[Stored data]
--------------------------------
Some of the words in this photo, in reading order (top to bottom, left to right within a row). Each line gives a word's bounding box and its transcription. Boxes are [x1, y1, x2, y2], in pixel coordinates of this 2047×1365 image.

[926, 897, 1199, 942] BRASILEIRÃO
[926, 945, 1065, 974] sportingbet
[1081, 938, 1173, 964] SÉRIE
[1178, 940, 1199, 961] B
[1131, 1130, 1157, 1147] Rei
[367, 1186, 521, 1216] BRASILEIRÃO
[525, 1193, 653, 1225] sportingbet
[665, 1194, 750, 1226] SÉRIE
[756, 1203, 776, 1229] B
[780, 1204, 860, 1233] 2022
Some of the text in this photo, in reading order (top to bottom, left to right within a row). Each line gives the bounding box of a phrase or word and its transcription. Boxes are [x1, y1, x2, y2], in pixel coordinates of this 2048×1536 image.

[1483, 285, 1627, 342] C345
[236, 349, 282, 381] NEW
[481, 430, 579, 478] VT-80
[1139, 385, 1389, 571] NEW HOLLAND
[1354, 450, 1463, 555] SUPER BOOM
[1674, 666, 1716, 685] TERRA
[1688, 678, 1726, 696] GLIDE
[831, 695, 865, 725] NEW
--------------------------------
§ Task goal: Set down the records again without altering a word.

§ Final answer:
Some of the words in this photo, in reading order (top to bottom, left to right within a row). Each line gives a word's bounding box and its transcription. Boxes are [x1, y1, x2, y2], in pixel coordinates of this 2047×1365 image.

[926, 897, 1199, 942] BRASILEIRÃO
[926, 945, 1065, 974] sportingbet
[1081, 938, 1173, 964] SÉRIE
[1178, 940, 1199, 961] B
[1131, 1130, 1157, 1147] Rei
[367, 1186, 521, 1216] BRASILEIRÃO
[525, 1193, 653, 1225] sportingbet
[665, 1194, 750, 1226] SÉRIE
[756, 1203, 776, 1229] B
[780, 1204, 860, 1233] 2022
Some of the text in this photo, in reading order (top to bottom, left to right within a row). Each line gives the bounding box of a phrase or word and its transcription. Boxes are [x1, y1, x2, y2], in pixel coordinates of this 2048×1536 image.

[1483, 285, 1627, 342] C345
[236, 349, 282, 381] NEW
[481, 430, 579, 478] VT-80
[1139, 385, 1389, 571] NEW HOLLAND
[1354, 450, 1463, 555] SUPER BOOM
[1674, 666, 1716, 685] TERRA
[1688, 678, 1726, 696] GLIDE
[831, 695, 865, 725] NEW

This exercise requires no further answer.